Viele galaktische Maßstäbe sind zu groß, als dass wir sie uns vorstellen könnten. Doch lassen sich einige von ihnen verbildlichen, sodass wir zumindest den Bruchteil einer Vorstellung dessen erlangen, was um uns herum in den Tiefen des Alls geschieht. Einen Teil dieses Geschehens stellen sogenannte Gammablitze (Gamma Ray Bursts, GRBs) dar. Dabei handelt es sich um Energieausbrüche sehr hoher Leistung, die große Mengen elektromagnetischer Strahlung ins All befördern. Was aber geschieht, wenn ein solcher Blitz die Erde trifft?

Wie gefährlich ist ein Gammablitz?

Wenngleich noch nicht in Gänze sicher ist, wie Gammablitze genau entstehen, scheinen sich Wissenschaftler doch darüber einig zu sein,dass Hypernovae und Sternenkollisionen als mögliche Ursprünge in Frage kommen. Bei einer Hypernova handelt es sich um eine Supernova, also die Explosion eines massereichen Sterns, mit einer elektromagnetisch abgestrahlten Energie von mehr als 1045 Joule.

Für das bloße Auge sind diese Blitze nicht sichtbar, dass sie sich beinahe ausschließlich im Gammabereich des elektromagnetischen Spektrums abspielen. Tatsächlich treffen Gammablitze fast jeden Tag die Erde. Doch sind sie viele Milliarden Lichtjahre entfernt entstanden und haben somit nur noch einen verschwindend geringen Bruchteil ihrer eigentlichen Kraft inne. Findet ein solches Ereignis aber nahe unserem Sonnensystem statt, wird es gefährlich. So gehen einige Forscher davon aus, dass das irdische Massenaussterben vor 450 Millionen Jahren, bei dem gut die Hälfte aller Arten dahingerafft wurde, durch einen Gammablitz innerhalb der Milchstraße ausgelöst worden sein könnte.

Dass du ein solches Ereignis miterleben musst, ist allerdings überaus unwahrscheinlich. So wurde abenteuer-sterne.de zufolge berechnet, dass binnen 500 Millionen Jahren lediglich eine 50-prozentige Wahrscheinlichkeit bestehe, dass die Erde von einem solchen Energieausbruch mit einer Energiedichte von 100 Kilojoule pro Quadratmeter erwischt würde.

Wenn ein Gammablitz die Erde trifft

Aus den Erkenntnissen der Vergangenheit lassen sich häufig Schlüsse ziehen, die uns dabei helfen können, künftige Krisen zu überwinden. Käme es allerdings zu einer Hypernova in der nähe unseres Sonnensystems, deren Gammablitz sich bis zur Erde ausbreitet, bliebe uns vermutlich nicht einmal die Zeit zu reagieren. Könnten wir die mit ihm einhergehende Strahlung messen, wäre es bereits zu spät.
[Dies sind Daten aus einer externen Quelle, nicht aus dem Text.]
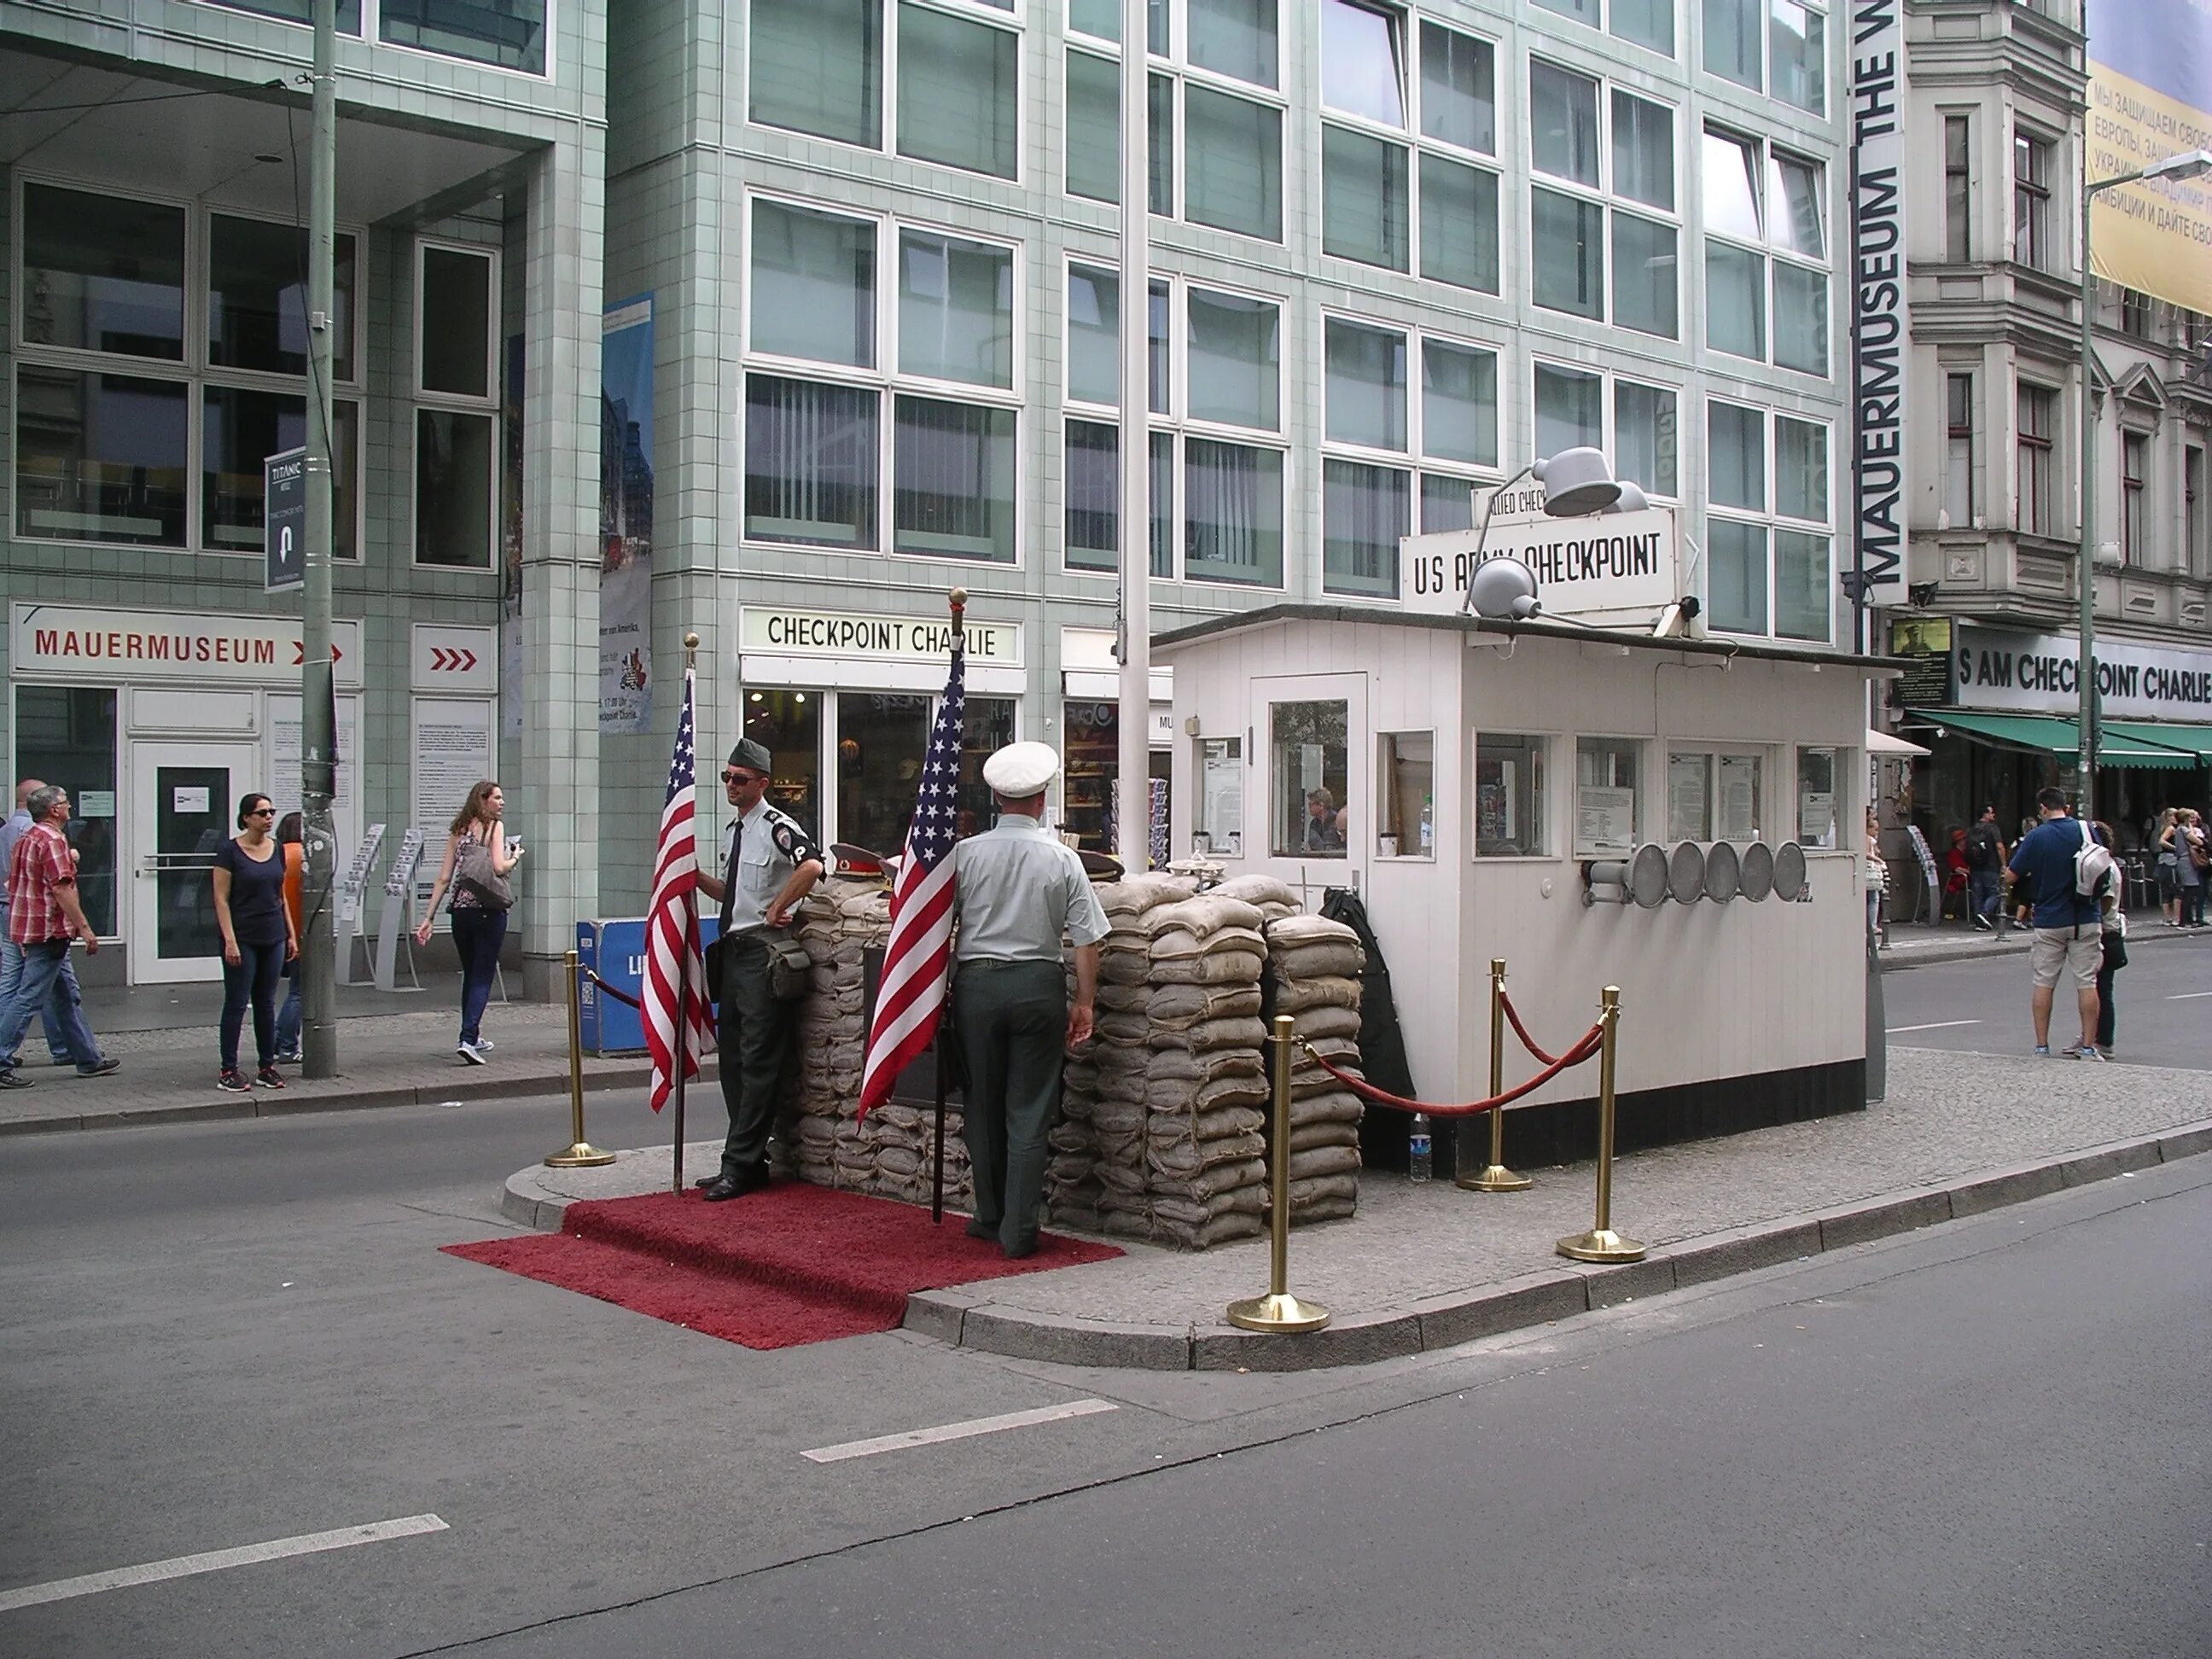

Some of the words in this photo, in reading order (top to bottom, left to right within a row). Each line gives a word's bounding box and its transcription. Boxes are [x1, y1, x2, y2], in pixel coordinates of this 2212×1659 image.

Neben dem ersten Eintreffen auf der Erde, bei dem bereits – je nach Stärke und Dauer des Ereignisses – ein großer Teil des Lebens verschwindet, zieht ein Gammablitz auch Spätfolgen nach sich. So würde eher etwa die Ozonschicht so stark schädigen, dass die globale Nahrungsmittelversorgung kurzerhand zusammenbrechen würde. Dies könnte außerdem zu langanhaltenden Veränderungen des Klimas sowie der ganzen Atmosphäre unseres Planeten führen. Diese verheerenden Spätfolgen könnten die Weltbevölkerung auf einen Bruchteil ihres bisherigen Umfangs zusammenschrumpfen lassen.